▸ **How to complete this task**: Nothing may be dropped. Retype the whole listing exactly.

▸ **Supplied material**:
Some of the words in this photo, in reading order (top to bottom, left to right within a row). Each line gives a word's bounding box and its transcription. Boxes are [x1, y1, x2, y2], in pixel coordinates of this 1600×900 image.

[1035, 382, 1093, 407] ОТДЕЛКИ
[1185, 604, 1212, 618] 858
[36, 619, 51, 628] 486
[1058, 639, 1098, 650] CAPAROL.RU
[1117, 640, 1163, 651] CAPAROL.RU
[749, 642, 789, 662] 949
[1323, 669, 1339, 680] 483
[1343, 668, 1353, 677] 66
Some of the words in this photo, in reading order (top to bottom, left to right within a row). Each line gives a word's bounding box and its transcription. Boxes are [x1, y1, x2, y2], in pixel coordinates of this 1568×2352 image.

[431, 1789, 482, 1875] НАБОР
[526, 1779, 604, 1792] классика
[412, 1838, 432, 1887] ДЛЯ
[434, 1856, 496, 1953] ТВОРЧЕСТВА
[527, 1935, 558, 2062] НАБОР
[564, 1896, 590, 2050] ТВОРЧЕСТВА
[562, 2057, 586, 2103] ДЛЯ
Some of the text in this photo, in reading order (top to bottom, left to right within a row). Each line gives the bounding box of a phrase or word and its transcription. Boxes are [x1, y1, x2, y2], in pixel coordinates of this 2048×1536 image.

▸ **Task result**:
Some of the words in this photo, in reading order (top to bottom, left to right within a row). Each line gives a word's bounding box and its transcription. Boxes are [x1, y1, x2, y2], in pixel coordinates of this 1600×900 image.

[1035, 382, 1093, 407] ОТДЕЛКИ
[1185, 604, 1212, 618] 858
[36, 619, 51, 628] 486
[1058, 639, 1098, 650] CAPAROL.RU
[1117, 640, 1163, 651] CAPAROL.RU
[749, 642, 789, 662] 949
[1323, 669, 1339, 680] 483
[1343, 668, 1353, 677] 66
Some of the words in this photo, in reading order (top to bottom, left to right within a row). Each line gives a word's bounding box and its transcription. Boxes are [x1, y1, x2, y2], in pixel coordinates of this 1568×2352 image.

[431, 1789, 482, 1875] НАБОР
[526, 1779, 604, 1792] классика
[412, 1838, 432, 1887] ДЛЯ
[434, 1856, 496, 1953] ТВОРЧЕСТВА
[527, 1935, 558, 2062] НАБОР
[564, 1896, 590, 2050] ТВОРЧЕСТВА
[562, 2057, 586, 2103] ДЛЯ
Some of the text in this photo, in reading order (top to bottom, left to right within a row). Each line gives the bounding box of a phrase or word and its transcription. Boxes are [x1, y1, x2, y2], in pixel coordinates of this 2048×1536 image.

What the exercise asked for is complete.